Note: it is important that I explicitly have not used the work test set above. While training/testing set splits in many data science problems are created in a similar manner, there is something fundamentally different about a test set than a validation set, which we will discuss more when we talk about evaluating machine learning algorithms.
Let’s see how to generate these training and validation sets.
np.random.seed(10)
perm = np.random.permutation(X.shape[0])
idx_train = perm[:int(len(perm)*0.7)]
idx_cv = perm[int(len(perm)*0.7):]
x_train, y_train = df["Temp"].iloc[idx_train].values, df["Load"].iloc[idx_train].values
x_cv, y_cv = df["Temp"].iloc[idx_cv].values, df["Load"].iloc[idx_cv].values
plt.scatter(x_train, y_train, marker='x', color="C0")
plt.scatter(x_cv, y_cv, marker='x', color="C2")
Now let’s generate features for the training and cross validation sets. The standard procedure here is that we should compute all feature normalization based upon the training set alone, and only afterwards apply this same normalization to the test set. Note that in some cases it is permissable to include cross validation data points (obviously not the labels) into the normalization process (namely if you expect to have similar access to all the “unlabled” data you will be evaluating the system on prior to training the system), but it’s much more standard to simply use just the new training set for everything, including normalization.
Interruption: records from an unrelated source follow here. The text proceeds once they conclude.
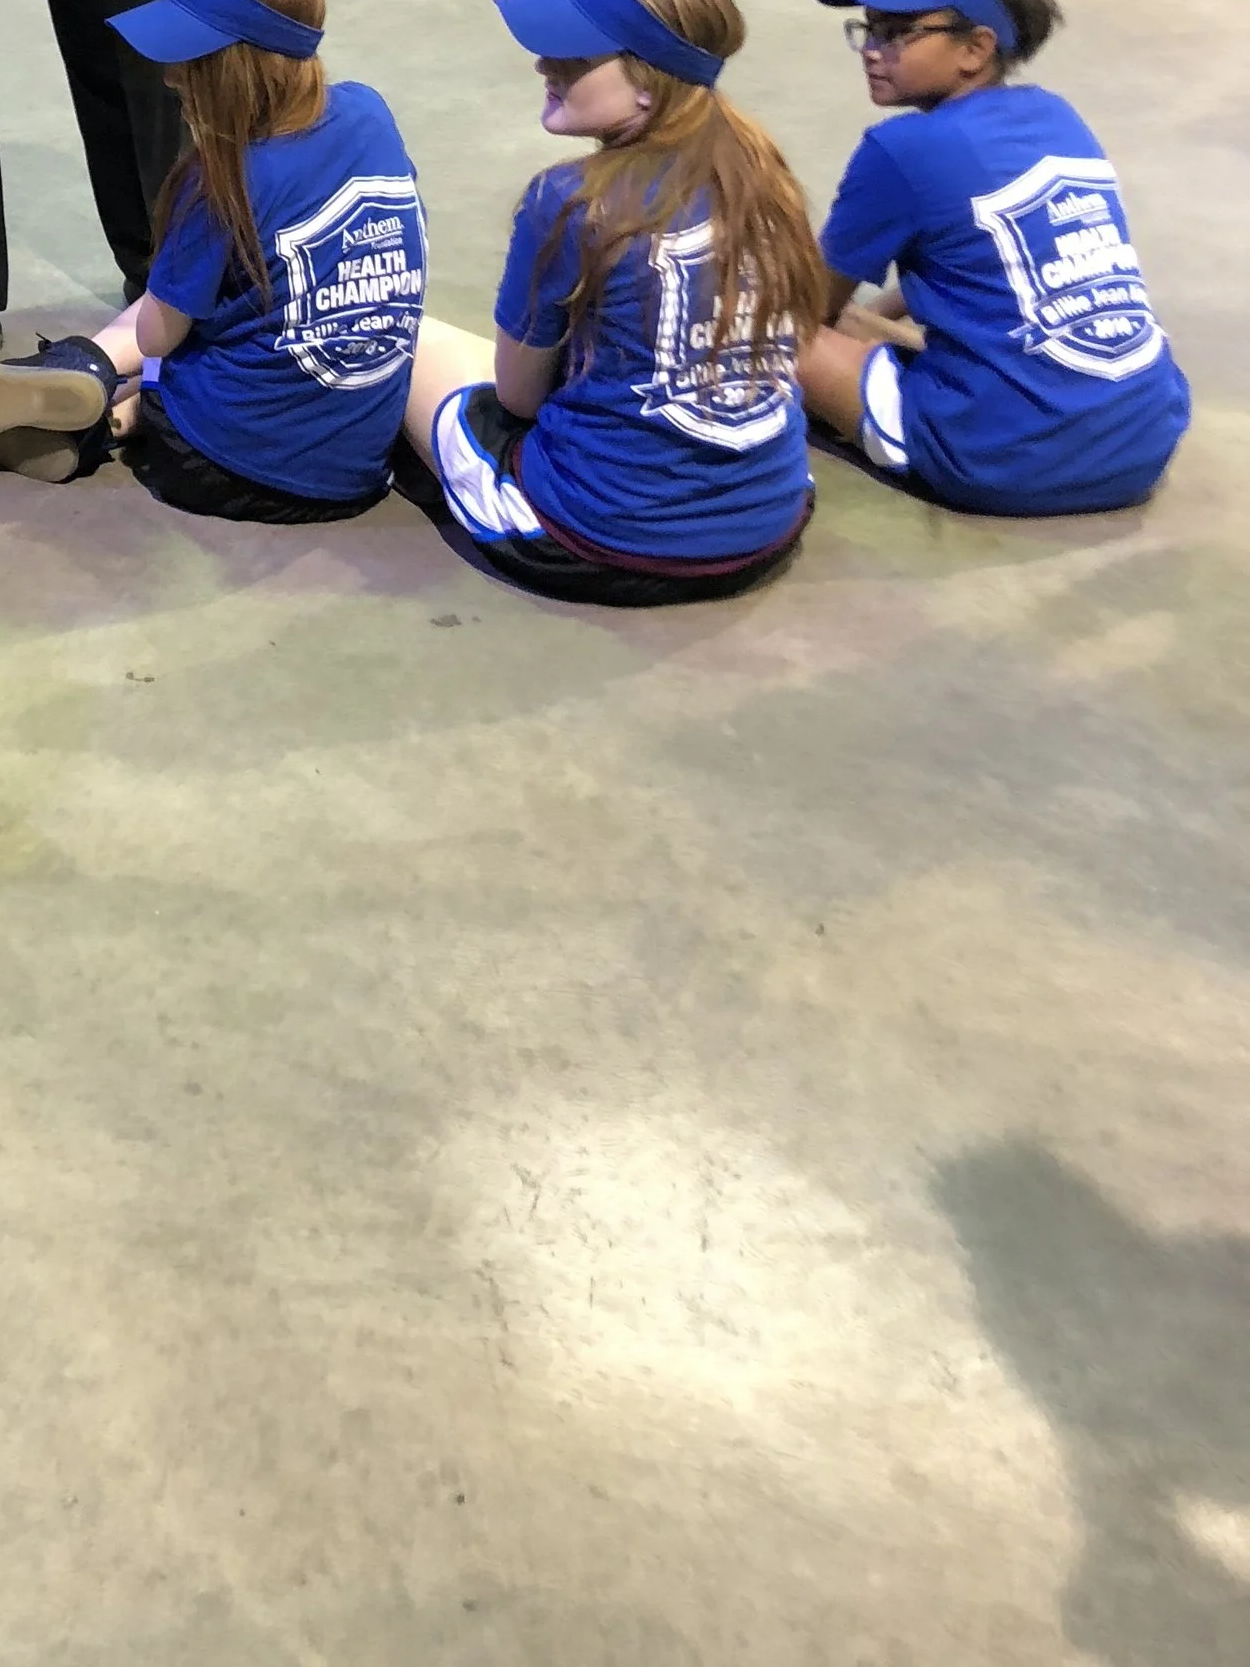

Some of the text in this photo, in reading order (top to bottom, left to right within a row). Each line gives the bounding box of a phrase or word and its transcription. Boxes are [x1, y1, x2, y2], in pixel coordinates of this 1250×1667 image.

[337, 249, 407, 283] HEALTH
[315, 268, 422, 311] CHAMPION
[351, 314, 395, 333] Jean
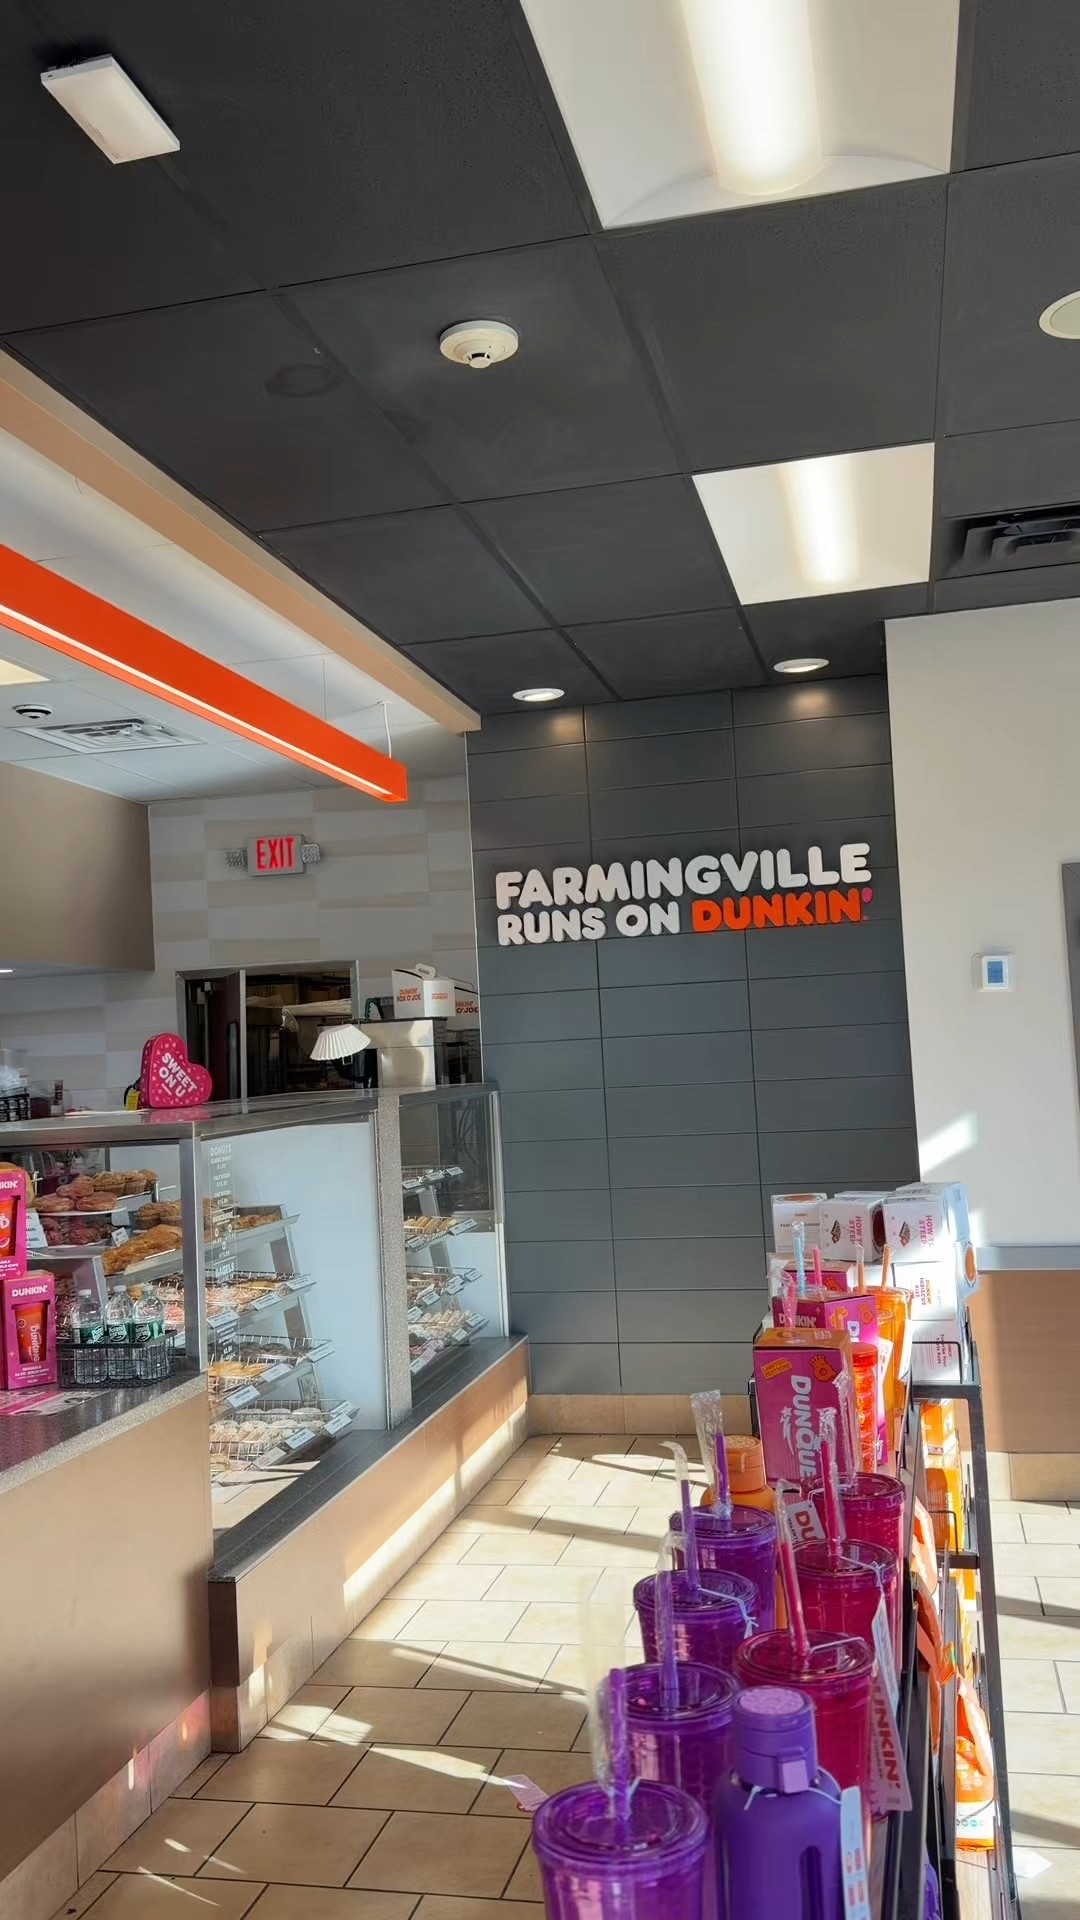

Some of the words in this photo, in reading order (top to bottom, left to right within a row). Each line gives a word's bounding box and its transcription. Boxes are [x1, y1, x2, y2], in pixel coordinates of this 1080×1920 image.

[256, 836, 295, 871] EXIT
[495, 843, 872, 910] FARMINGVILLE
[497, 907, 607, 946] RUNS
[615, 901, 681, 938] ON
[691, 887, 873, 933] DUNKIN'
[159, 1066, 177, 1088] ON
[175, 1085, 186, 1097] U
[161, 1052, 197, 1093] SWEET
[919, 1219, 927, 1245] STEEP
[925, 1215, 933, 1236] HOW
[11, 1284, 48, 1298] DUNKIN'
[778, 1312, 817, 1328] DKIN'
min_x_train, max_x_train = x_train.min(), x_train.max()
x_train = 2*(x_train - min_x_train)/(max_x_train - min_x_train) - 1
x_cv = 2*(x_cv - min_x_train)/(max_x_train - min_x_train) - 1
def poly_feat(x, degree):
return np.array([x**i for i in range(degree,-1,-1)]).T
err_train = []
err_cv = []
for i in range(50):
theta = ls_poly(x_train, y_train, i)
err_train.append(((poly_feat(x_train,i) @ theta - y_train)**2).mean())
err_cv.append(((poly_feat(x_cv,i) @ theta - y_cv)**2).mean())
plt.semilogy(range(50), err_train, range(50), err_cv)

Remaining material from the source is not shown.